What you need to do: How many lines below contain the word "Módulo"? Reply solely with the number.
- - -
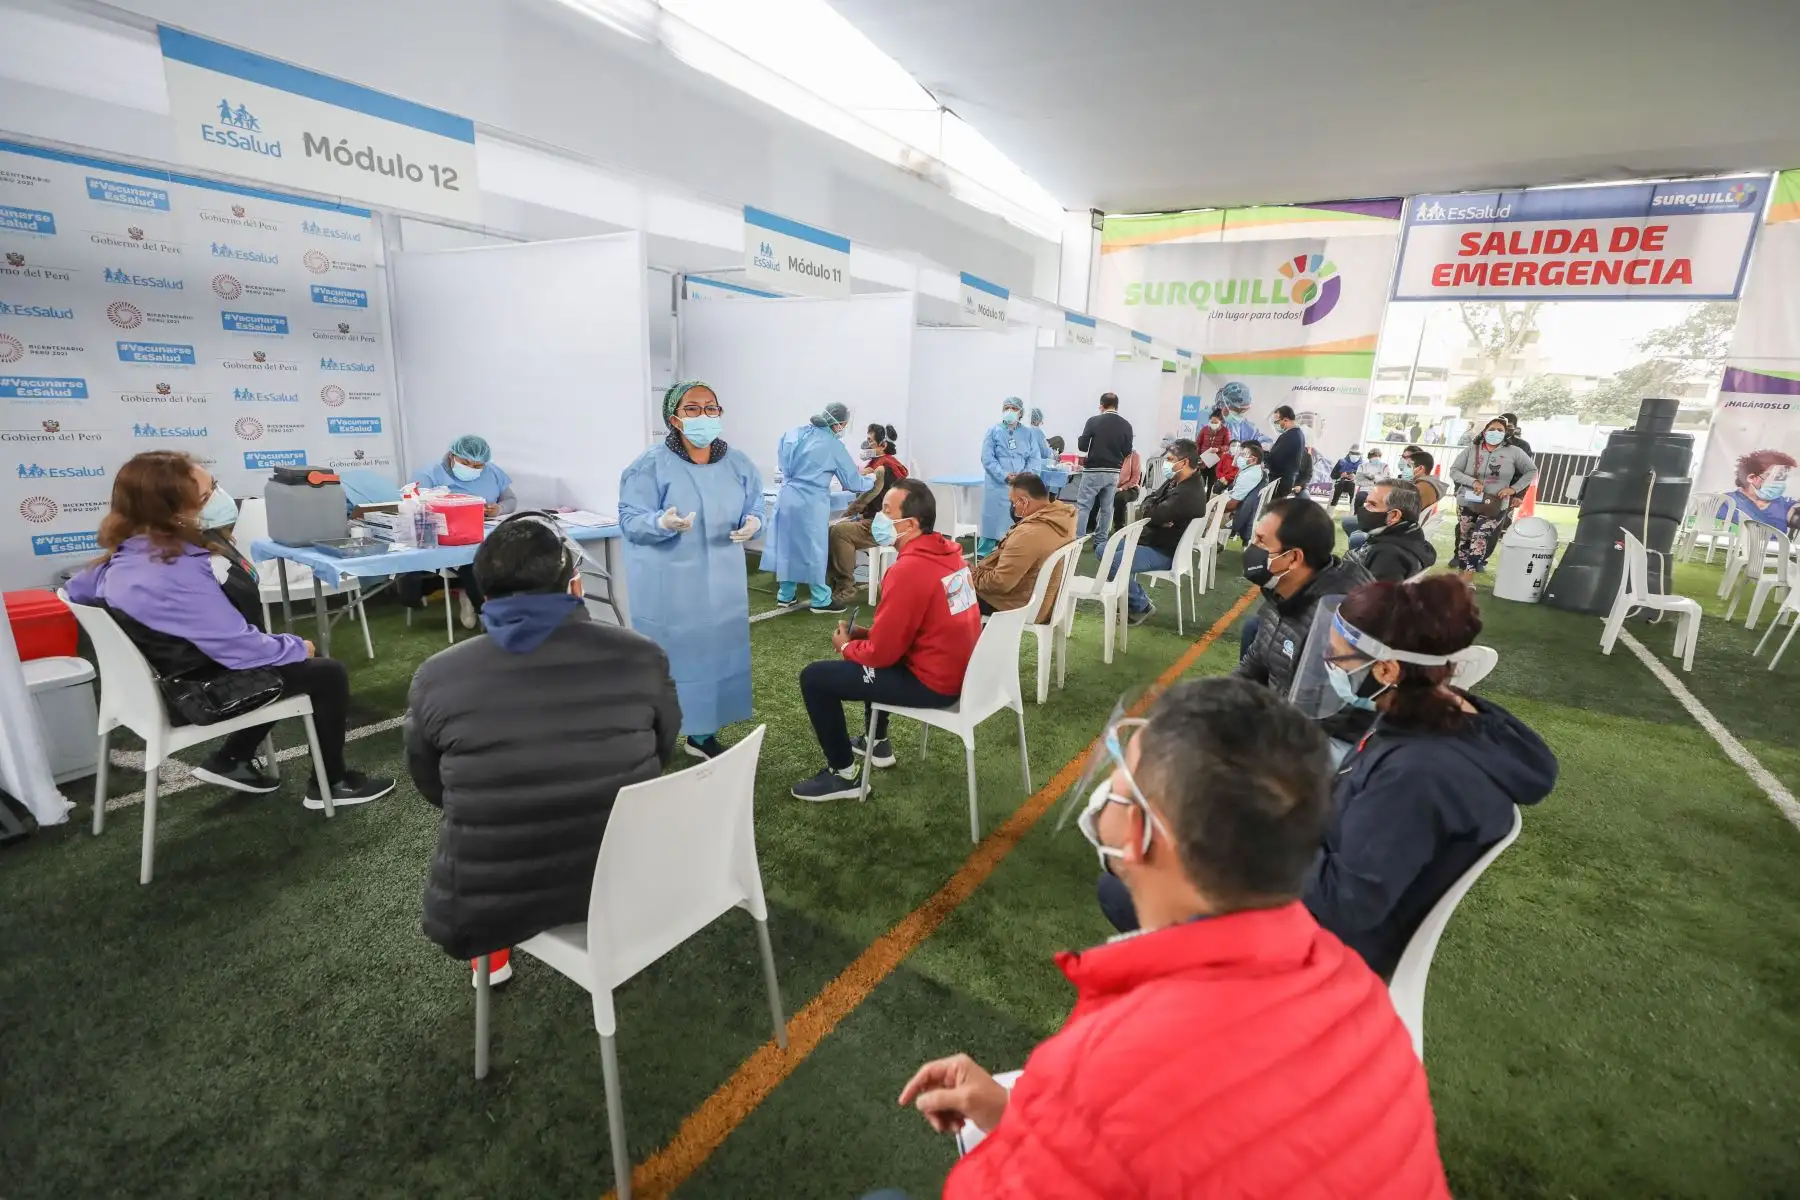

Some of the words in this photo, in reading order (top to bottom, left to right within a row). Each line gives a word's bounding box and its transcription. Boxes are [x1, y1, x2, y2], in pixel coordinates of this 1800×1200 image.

[201, 124, 282, 158] EsSalud
[302, 131, 424, 182] Módulo
[429, 163, 460, 192] 12
[0, 170, 51, 183] CENTENARIO
[89, 180, 166, 200] #Vacunarse
[104, 190, 156, 207] EsSalud
[0, 208, 50, 222] unarse
[1448, 204, 1511, 220] EsSalud
[0, 217, 38, 230] Salud
[200, 212, 242, 226] Gobierno
[244, 218, 256, 228] del
[324, 228, 361, 242] EsSalud
[1458, 228, 1598, 256] SALIDA
[1608, 225, 1669, 252] DE
[90, 235, 139, 248] Gobierno
[142, 242, 157, 251] del
[236, 250, 278, 265] EsSalud
[754, 256, 780, 272] EsSalud
[788, 255, 830, 280] Módulo
[832, 268, 842, 283] 11
[24, 268, 41, 278] del
[1432, 258, 1692, 286] EMERGENCIA
[132, 276, 184, 290] EsSalud
[314, 287, 364, 299] #Vacunarse
[324, 296, 358, 305] EsSalud
[14, 304, 74, 320] EsSalud
[978, 302, 998, 320] Módulo
[1208, 310, 1224, 320] ¡Un
[1226, 310, 1249, 322] lugar
[1250, 312, 1271, 322] para
[1274, 310, 1302, 320] todos!
[224, 314, 286, 325] #Vacunarse
[236, 322, 276, 332] EsSalud
[312, 332, 346, 340] Gobierno
[120, 344, 192, 354] #Vacunarse
[134, 352, 181, 362] EsSalud
[223, 362, 262, 370] Gobierno
[264, 362, 277, 370] del
[340, 364, 375, 372] EsSalud
[0, 378, 84, 388] #Vacunarse
[16, 387, 72, 396] EsSalud
[257, 393, 298, 402] EsSalud
[120, 394, 166, 402] Gobierno
[2, 433, 55, 441] Gobierno
[58, 433, 74, 441] del
[160, 426, 208, 438] EsSalud
[246, 452, 304, 460] #Vacunarse
[257, 459, 296, 467] EsSalud
[49, 466, 105, 478] EsSalud
[35, 534, 97, 544] #Vacuna
- - -
Answer to this problem: 3